Приведённая мысль Стэплдона может нравиться, может не нравиться: современному физику, быть может, она покажется бессмысленной. Но необходимо понять, что если б какой-либо показанный здесь замысел казался нам осмысленным как гипотеза, если б мы могли принять его без сопротивления, то он не обладал бы той ценностью модели, которую разрабатывает писатель. В такой точке произведения должно появиться что-то такое, что как раз с позиций теперешних знаний и есть абсурд, но что непременно будет формальным аналогом (как связующая структура) того нонсенса, каким посчитал бы логик восемнадцатого столетия концепцию логики без принципа исключенного третьего или классический физик — понятийные основы квантовой механики. Дело в том, что будущее должно быть средоточием невероятных богатств разноформенных явлений и фактов, богатств, которые мы не приняли бы без сопротивления, если б перед нами появился чудесный гость из ХХХ или LXX века и вещал бы только голую правду о том, что произойдёт в будущем.

  •  

Произведение монументально, хотя, если разрезать его на небольшие составляющие части, соответствующие историям отдельных типов культуры и типов людей, которые их создавали, то ни одна из них как изолят не заслужила бы особо высокой оценки.

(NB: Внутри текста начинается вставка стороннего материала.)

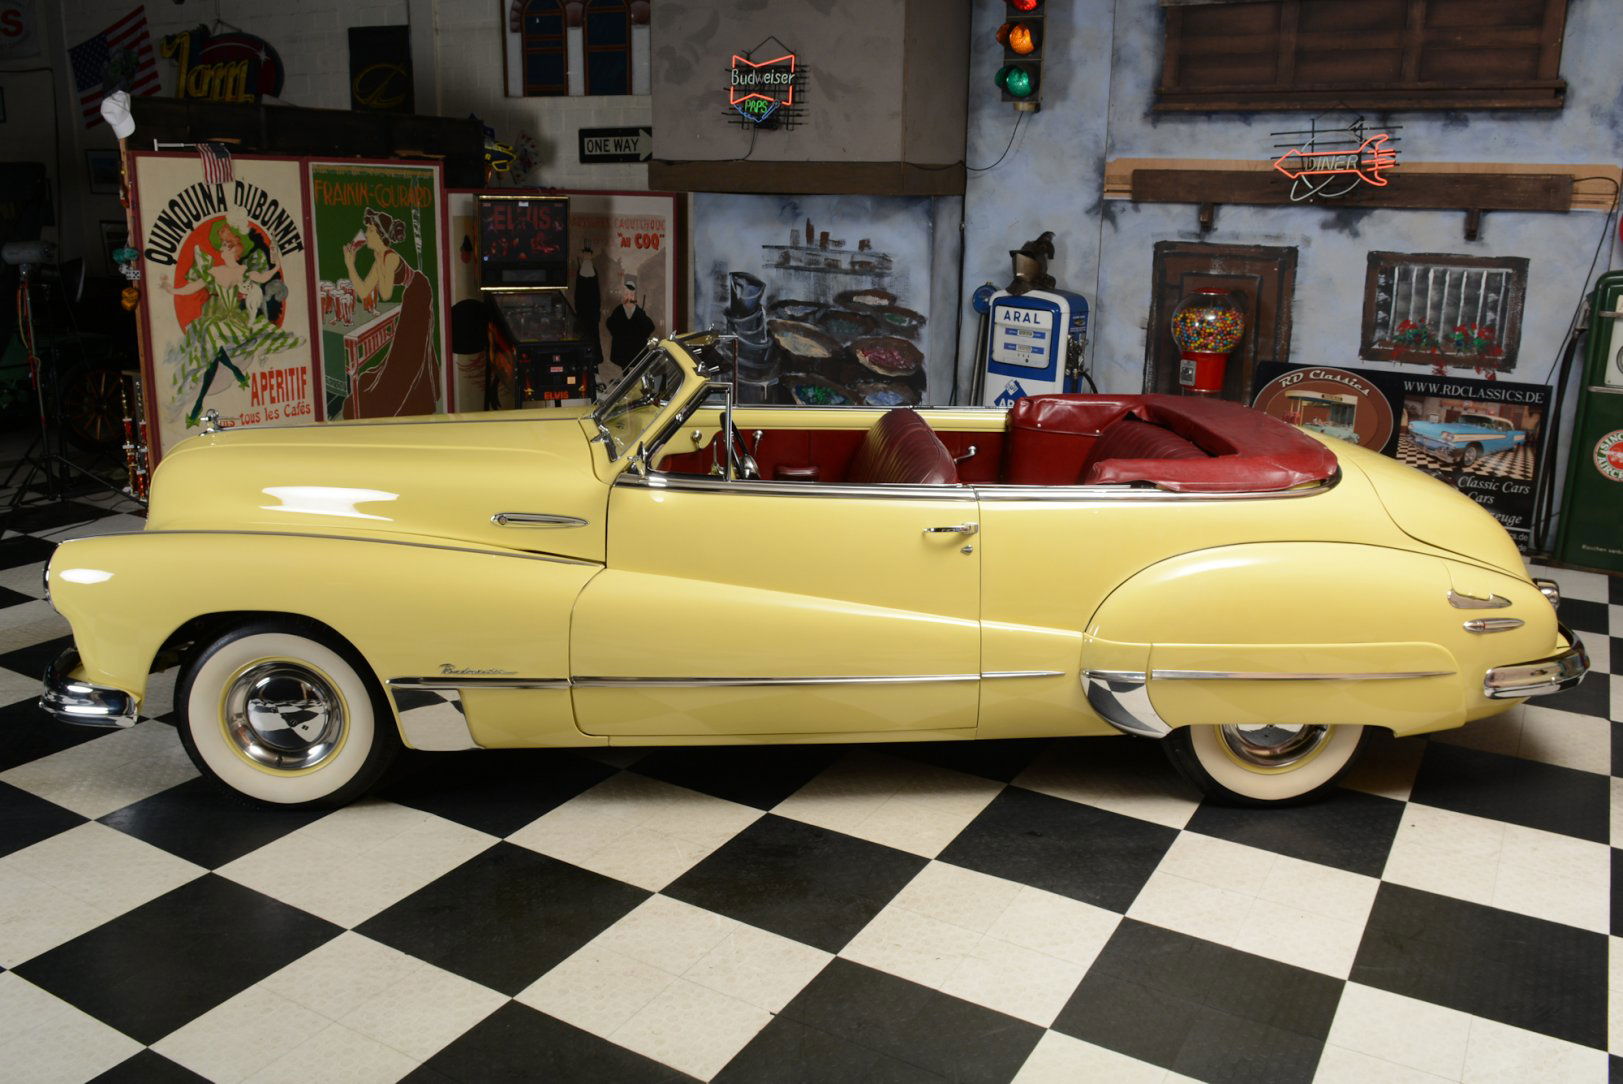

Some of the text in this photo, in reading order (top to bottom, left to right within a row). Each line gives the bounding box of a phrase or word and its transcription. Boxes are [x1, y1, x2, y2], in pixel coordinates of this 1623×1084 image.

[731, 68, 796, 85] Budweiser
[586, 136, 640, 153] ONE WAY
[1304, 154, 1359, 171] DINER
[144, 179, 305, 266] QUINQUINA DUBONNET
[1003, 310, 1041, 324] ARAL
[1278, 369, 1370, 397] RD Classics
[1403, 380, 1544, 403] WWW.RDCLASSICS.DE
[239, 412, 261, 425] tous
[264, 407, 280, 420] les
[1457, 475, 1531, 494] Classic Cars
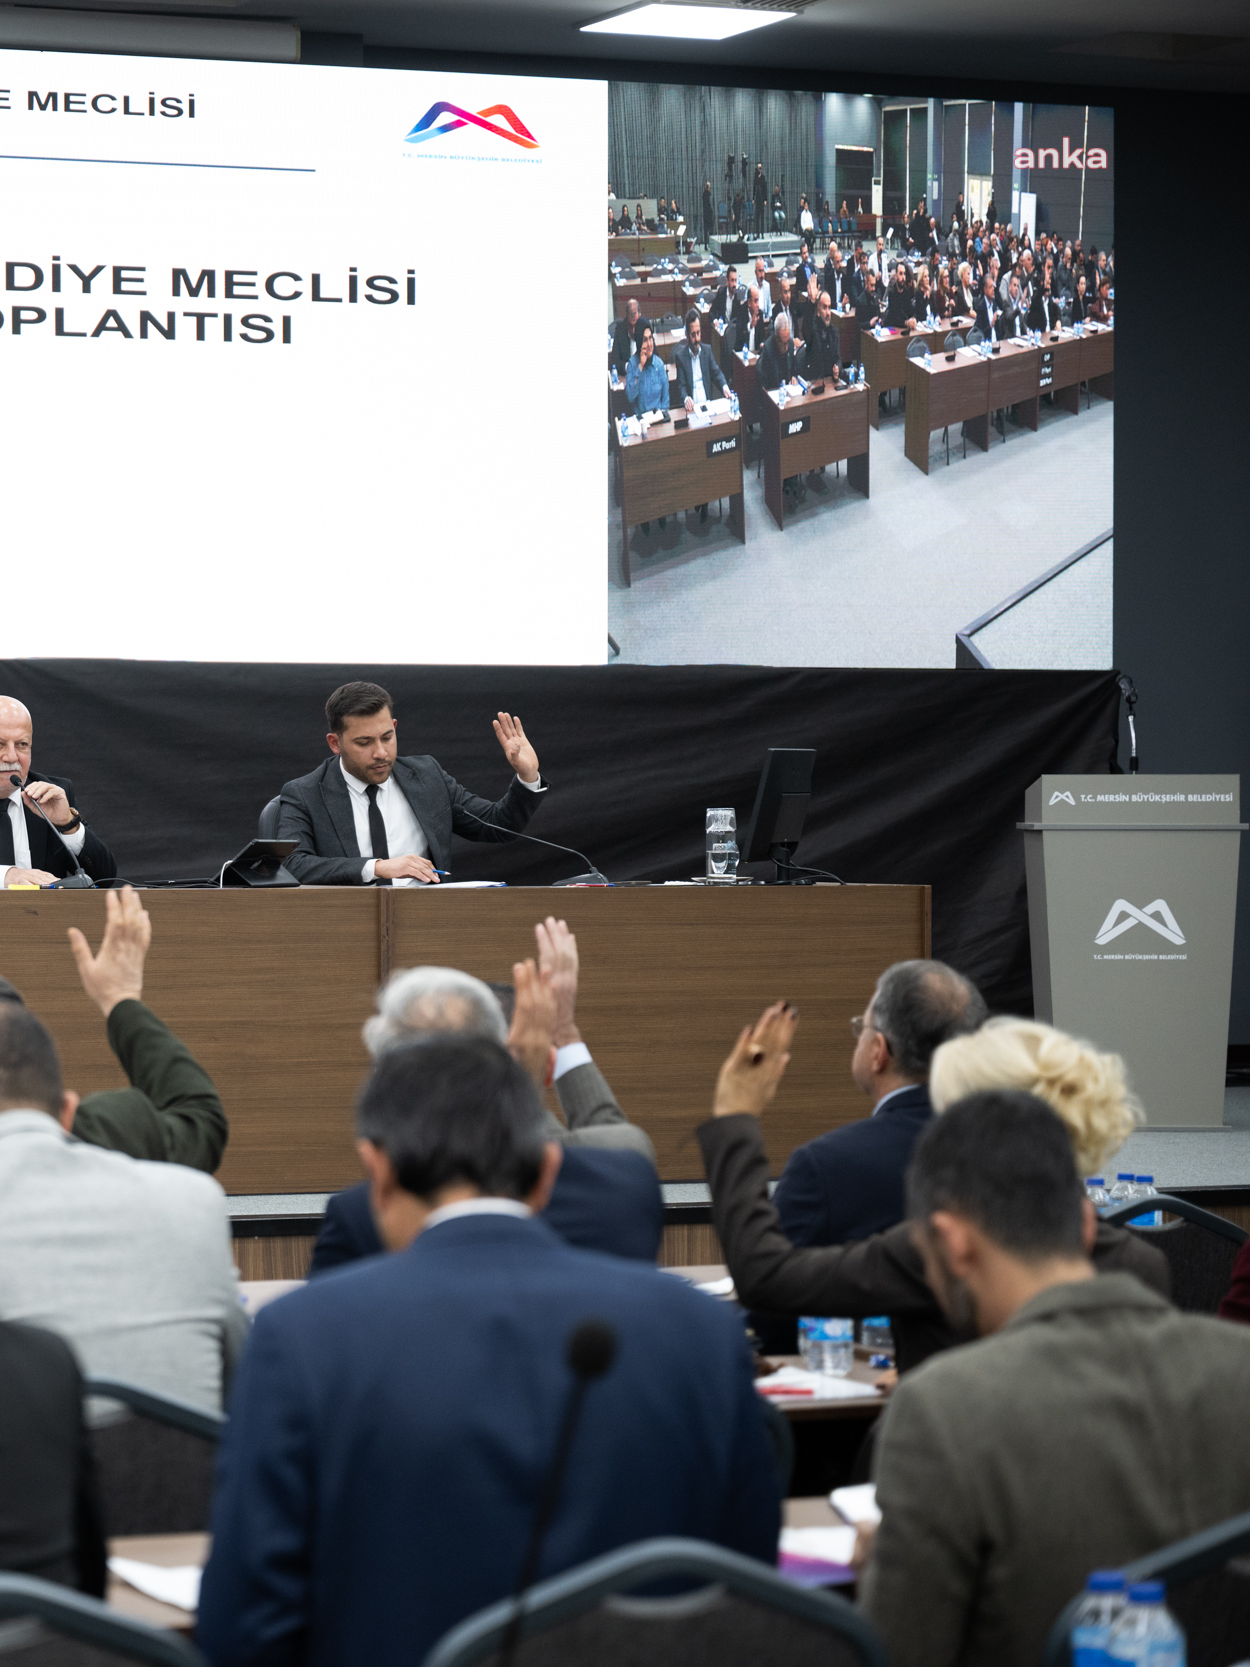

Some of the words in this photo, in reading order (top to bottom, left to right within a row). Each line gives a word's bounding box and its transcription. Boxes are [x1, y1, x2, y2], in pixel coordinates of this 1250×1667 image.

[27, 90, 195, 119] MECLİSİ
[171, 267, 416, 306] MECLİSİ
[712, 441, 722, 453] AK
[1080, 794, 1095, 802] T.C.
[1096, 792, 1129, 802] MERSİN
[1131, 792, 1186, 804] BÜYÜKŞEHİR
[1187, 792, 1233, 802] BELEDİYESİ

Тут мы имеем дело со своеобразным явлением, сводящим — относительно — на нет качество строительных кирпичиков совокупностью, из них возникающей, при условии, что эта совокупность достаточно велика. <…> Поэтому и то, что отдельные фрагменты, из которых складывается произведение Стэплдона, требуют критической, зачастую уничижительной оценки, что они поражают неправдоподобиями, приходит на ум только тогда, когда знакомишься с ними отдельно, образуют непрерывную цепь, протянувшуюся на миллионы и миллионы лет, они прежде всего создают ощущение гигантских пространств и исторического времени, перемещения в нём и исчезновения целых огромных формаций, так что всё детальное, что, вообще говоря, можно было бы подвергнуть сомнению, представляется по мере продвижения по книге все менее существенным по сравнению с целым, вырисовывающимся из него.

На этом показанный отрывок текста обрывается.